Seyreltilmiş PCR ürününü şablon olarak kullanarak, ikinci amplifikasyon turunu gerçekleştirin. 16S rRNA geni için kütüphane hazırlığına benzer şekilde, saflaştırılmış ITS bölgesi için kütüphaneyi hazırlayın. EPSPS protein dizisinin biyoinformatik analizlerini başlatın.
Sorgu dizisinin, sorgu dizilerinde bulunan amino asit işaretleyicilerinin fraksiyonunu ve motiflerin sayısını gösterdiği sunucudan sağlanan çıktılardan glifosata karşı potansiyel duyarlılığını değerlendirin. İkinci çıktı, sorgunun hizalamalarını ve işaretçi kalıntılarına dayalı başvuru dizilerini gösterir. Üçüncü çıktı, sorgu ve başvuru dizilerinin çift yönlü tam hizalamalarını gösterir.
Dördüncü çıktı, Vibrio cholerae, Coxiella burnetii, Brevundimonas vesicularis ve Streptomyces davawensis'in EPSPS referans dizilerini göstermektedir. Çıktı sayfasının sonunda, sorgu EPSPS sırasını daha ayrıntılı çözümlemek için BLASTp ve korunmuş etki alanları gibi harici araçların bağlantılarını bulun. Genel depolardan EPSPS dizilerini tanımladıktan sonra, bu veri kümelerine EPSPS sınıfı sunucusunun taksonomik bilgileri ve 50.000'den fazla diziden oluşan EPSPS sınıfını içeren ana sayfasından erişin.

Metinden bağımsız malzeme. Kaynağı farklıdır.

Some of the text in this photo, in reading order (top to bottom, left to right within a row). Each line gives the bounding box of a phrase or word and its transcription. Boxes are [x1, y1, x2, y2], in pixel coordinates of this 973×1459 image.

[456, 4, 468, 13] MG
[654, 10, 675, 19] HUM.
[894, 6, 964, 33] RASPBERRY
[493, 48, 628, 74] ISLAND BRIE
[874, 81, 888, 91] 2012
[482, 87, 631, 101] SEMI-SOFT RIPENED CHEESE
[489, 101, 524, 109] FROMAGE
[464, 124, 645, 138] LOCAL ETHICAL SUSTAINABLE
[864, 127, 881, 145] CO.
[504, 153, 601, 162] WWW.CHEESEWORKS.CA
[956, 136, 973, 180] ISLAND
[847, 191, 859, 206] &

GBP'deki bitkilerin büyümesini karşılaştırmak ve arazileri kontrol etmek için tarla mevsiminin sonunda bitkilerin toprak üstü biyokütlesini tartın. Bir elektronik tabloda, mikrobiyom deneyleri için bakteriyel OTU'ları önceden hesaplanmış veri kümelerine eşleyin. Ve olasılıksal bir skora dayanarak, glifosata karşı içsel duyarlılığı hesaplayın.
Bu yöntem, EPSPS proteinindeki duyarlılıktaki değişiklikleri mikro evrimsel düzeyde ölçmek için kullanıldı. Analiz edilen yakından ilişkili 32 prokaryot grubundan 12'sinde duyarlılık durumundaki değişiklikleri tespit ettik. Bu nedenle, glifosat bazlı ürünlerin sürekli kullanımı, bitki, hayvan ve toprak mikrobiyomlarında mikrobiyoz üretebilir.
Optimum amplikon kütüphaneleri elde etmek için PCR öncesi ve sonrası prosedürlerin kalitesini sağlayın. Ayrıca, yazılımı kullanmadan önce EPSPS protein dizisinin kısmi olmadığından emin olun. Saha deneylerinde, kontrollerin glifosat ile kontaminasyonunu önlediğinizden emin olun.